A basic implementation of this would be:

#!/usr/bin/env bash

declare version=""
declare resourceName=""
declare DEBUG_FLAG=false

while [[ "$#" -gt 0 ]]
do
  case $1 in
    -r | --resource)
      resourceName=$2
      ;;

    -d | --debug )             
      DEBUG_FLAG=true
      ;; 
  esac
  shift
done

providerVersion=$(cat provider.tf | grep version)
providerVersion="v"$(echo "$providerVersion" | cut -d'"' -f 2)
echo "Found Provider version: $providerVersion"

if [ ! -d ./terraform-provider-azurerm ]; then
  git clone git@github.com:terraform-providers/terraform-provider-azurerm.git
fi

pushd terraform-provider-azurerm
  git fetch && git fetch --tags
  git checkout $version

  resourceFile=$(grep -Ril "${resourceName}" . --include=*.go --exclude=*_test.go --exclude=*registration.go)
  resourceFolder="${resourceFile%/*}/"
  go list -json -f "{{.ImportPath}} {{.Imports}}" github.com/terraform-providers/terraform-provider-azurerm/$resourceFolder | jq -r '.Imports[]  | select(. | contains("azure-sdk-for-go"))'
 popd

---

Deployment of Rules.

We'd also like to propose a mechanism for easily loading up cloud specific rulesets. In the case of AzureRM, perfhaps adding a tflint command to load pluging rulesets.

tflint -configure-plugin=azurerm

Which would then fetch the pluging from a blob storage account and configure it locally for the end user. As part of the CI/CD process for building the ruleset, the compiled binary could be pushed to the storage account.

Let me know your thoughts and we'd love to put together a quick spike to share with you when ready.

Thanks!

[wata727]

Thank you for sharing your proposal. It's interesting.

provider versioning

Approach 2 is probably the most ideal for this way. However, it depends heavily on the implementation of the AzureRM provider, so its maintenance costs must be considered.

It's a good start with a bash script, but we may eventually need a script written in Go to do more (For example, we can use the go/parser package to get an AST)

Deployment of Rules

Yes, I strongly feel the need for this.

My current idea is to implement tflint --init as well as Terraform and download the plugins needed in the process. The required plugins can be obtained from the plugin definition written in .tflint.hcl.

[hattan]

Hi @wata727 - Thanks for the update, the AST sounds interesting and we'll take a look this week. With approach 2 we could also auto-generate the rules anytime AzureRM has a new release. This could be a workflow that runs and does the work.

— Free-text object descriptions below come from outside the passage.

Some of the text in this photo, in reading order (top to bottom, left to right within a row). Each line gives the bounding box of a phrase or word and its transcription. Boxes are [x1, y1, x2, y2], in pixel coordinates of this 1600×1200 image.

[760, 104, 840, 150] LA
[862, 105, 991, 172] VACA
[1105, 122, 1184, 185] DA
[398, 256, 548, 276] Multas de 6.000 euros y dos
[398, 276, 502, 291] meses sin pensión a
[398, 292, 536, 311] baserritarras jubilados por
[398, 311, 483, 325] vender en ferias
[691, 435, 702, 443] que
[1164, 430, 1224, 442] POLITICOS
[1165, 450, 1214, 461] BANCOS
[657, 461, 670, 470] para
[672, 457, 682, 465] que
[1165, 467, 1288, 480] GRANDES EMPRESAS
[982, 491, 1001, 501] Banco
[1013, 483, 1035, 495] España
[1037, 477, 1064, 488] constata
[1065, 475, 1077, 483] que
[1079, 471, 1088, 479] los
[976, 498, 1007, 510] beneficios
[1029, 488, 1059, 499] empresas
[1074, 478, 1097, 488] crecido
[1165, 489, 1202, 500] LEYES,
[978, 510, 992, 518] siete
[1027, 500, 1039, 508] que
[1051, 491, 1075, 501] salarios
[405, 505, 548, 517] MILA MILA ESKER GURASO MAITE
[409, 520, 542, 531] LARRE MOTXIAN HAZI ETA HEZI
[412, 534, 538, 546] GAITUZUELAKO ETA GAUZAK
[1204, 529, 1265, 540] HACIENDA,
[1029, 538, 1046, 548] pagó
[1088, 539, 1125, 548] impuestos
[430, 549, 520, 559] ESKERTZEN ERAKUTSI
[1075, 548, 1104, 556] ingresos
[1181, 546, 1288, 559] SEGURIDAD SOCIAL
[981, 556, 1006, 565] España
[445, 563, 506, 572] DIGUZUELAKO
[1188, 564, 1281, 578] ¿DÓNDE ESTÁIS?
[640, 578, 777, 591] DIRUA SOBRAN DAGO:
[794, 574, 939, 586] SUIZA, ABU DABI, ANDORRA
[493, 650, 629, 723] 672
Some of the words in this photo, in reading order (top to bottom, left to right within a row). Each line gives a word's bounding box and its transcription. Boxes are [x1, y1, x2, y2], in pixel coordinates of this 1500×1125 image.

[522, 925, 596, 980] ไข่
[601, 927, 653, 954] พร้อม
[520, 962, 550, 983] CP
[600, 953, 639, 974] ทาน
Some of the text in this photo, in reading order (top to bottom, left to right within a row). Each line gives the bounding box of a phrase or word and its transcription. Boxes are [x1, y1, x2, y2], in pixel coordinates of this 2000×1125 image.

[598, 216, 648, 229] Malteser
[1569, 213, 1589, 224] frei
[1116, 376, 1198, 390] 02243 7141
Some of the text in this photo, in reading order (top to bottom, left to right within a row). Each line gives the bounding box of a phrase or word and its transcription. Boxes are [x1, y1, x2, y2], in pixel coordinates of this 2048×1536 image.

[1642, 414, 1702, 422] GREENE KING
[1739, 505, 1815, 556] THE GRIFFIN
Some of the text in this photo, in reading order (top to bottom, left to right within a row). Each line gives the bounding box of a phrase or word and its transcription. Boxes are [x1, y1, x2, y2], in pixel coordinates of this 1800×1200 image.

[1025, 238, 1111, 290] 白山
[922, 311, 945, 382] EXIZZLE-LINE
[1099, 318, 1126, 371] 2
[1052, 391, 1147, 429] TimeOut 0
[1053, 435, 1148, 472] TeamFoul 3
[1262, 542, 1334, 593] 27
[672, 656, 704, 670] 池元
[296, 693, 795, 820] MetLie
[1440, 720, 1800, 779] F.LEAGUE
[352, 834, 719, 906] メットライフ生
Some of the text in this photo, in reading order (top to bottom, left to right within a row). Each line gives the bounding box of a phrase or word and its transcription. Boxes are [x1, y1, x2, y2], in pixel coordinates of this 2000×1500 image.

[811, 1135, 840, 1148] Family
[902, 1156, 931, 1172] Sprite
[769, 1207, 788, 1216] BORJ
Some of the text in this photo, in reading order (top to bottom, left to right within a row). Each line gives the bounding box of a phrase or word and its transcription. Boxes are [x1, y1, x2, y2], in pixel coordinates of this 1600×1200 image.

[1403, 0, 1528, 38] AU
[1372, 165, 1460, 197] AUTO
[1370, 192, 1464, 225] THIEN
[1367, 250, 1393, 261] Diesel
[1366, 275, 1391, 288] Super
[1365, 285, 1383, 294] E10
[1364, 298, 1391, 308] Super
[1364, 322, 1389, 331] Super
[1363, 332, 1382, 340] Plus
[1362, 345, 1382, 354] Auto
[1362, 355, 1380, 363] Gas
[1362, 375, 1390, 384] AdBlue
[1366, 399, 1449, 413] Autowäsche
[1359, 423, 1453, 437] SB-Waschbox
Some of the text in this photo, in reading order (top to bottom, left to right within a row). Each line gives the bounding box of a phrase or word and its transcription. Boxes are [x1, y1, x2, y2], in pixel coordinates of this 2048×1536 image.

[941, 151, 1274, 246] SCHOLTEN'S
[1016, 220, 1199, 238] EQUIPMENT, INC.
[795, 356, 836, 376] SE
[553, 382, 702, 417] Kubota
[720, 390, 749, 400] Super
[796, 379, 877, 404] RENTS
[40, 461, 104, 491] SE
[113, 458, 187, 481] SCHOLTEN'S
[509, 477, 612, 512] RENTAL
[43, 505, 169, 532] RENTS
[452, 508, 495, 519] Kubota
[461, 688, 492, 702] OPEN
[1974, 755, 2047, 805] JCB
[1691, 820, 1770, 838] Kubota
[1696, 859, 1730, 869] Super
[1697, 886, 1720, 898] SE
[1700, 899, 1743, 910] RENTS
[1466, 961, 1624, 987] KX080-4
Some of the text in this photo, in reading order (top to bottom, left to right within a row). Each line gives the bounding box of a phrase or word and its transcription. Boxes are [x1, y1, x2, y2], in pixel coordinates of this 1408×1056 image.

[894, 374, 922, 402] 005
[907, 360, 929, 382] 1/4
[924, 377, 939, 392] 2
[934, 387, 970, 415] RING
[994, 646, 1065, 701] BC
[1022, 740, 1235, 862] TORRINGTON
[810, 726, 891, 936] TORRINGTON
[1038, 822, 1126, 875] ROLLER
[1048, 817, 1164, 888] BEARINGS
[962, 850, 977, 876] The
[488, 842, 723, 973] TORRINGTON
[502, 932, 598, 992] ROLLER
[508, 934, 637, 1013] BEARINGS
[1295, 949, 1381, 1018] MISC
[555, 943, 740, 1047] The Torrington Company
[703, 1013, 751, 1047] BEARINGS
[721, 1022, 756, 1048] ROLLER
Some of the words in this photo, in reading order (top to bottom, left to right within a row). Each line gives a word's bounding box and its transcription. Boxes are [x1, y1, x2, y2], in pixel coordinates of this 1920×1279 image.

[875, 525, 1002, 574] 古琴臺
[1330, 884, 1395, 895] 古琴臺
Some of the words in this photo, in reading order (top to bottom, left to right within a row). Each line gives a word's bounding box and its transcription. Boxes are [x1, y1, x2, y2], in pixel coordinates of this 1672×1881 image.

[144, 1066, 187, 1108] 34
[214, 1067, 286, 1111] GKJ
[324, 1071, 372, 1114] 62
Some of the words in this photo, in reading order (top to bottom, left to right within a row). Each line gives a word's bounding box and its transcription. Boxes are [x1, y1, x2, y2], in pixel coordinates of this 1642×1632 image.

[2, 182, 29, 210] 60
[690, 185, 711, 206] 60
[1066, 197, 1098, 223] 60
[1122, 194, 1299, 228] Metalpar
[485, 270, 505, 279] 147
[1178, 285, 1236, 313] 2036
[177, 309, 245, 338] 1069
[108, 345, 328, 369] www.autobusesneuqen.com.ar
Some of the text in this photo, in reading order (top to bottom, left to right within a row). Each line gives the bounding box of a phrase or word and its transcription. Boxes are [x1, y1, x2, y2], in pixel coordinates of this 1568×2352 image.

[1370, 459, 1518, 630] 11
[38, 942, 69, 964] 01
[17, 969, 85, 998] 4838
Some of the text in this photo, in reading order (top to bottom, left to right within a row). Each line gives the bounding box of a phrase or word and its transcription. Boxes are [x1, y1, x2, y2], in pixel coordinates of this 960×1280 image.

In terms of downloading the plugins. Last week I was doing some work with terraform-bundle and it works great for grabbing the desired version of terraform and all the providers specified in a config file.

I think using a similar approach would work well.

[bendrucker]

I don't think source inspection is even necessary. Provider binaries can report their resources/schema. That's what powers the providers schema command.

Generating a TFLint plugin that supports a single version of a provider isn't too hard. Supporting multiple provider versions would be ideal, but a whole lot trickier. That implies not only packaging multiple versions of a rule, but also detecting the version of the provider in use. That probably involves some Terraform reverse engineering.

For now, making it easy for the latest plugin to correctly match the latest provider version seems like the accessible option that doesn't require significant new functionality in TFLint core.

[hattan]

Makes sense. We have an idea on how to support minimum and maximum versions for rules. I'll provide an update in the next day or so.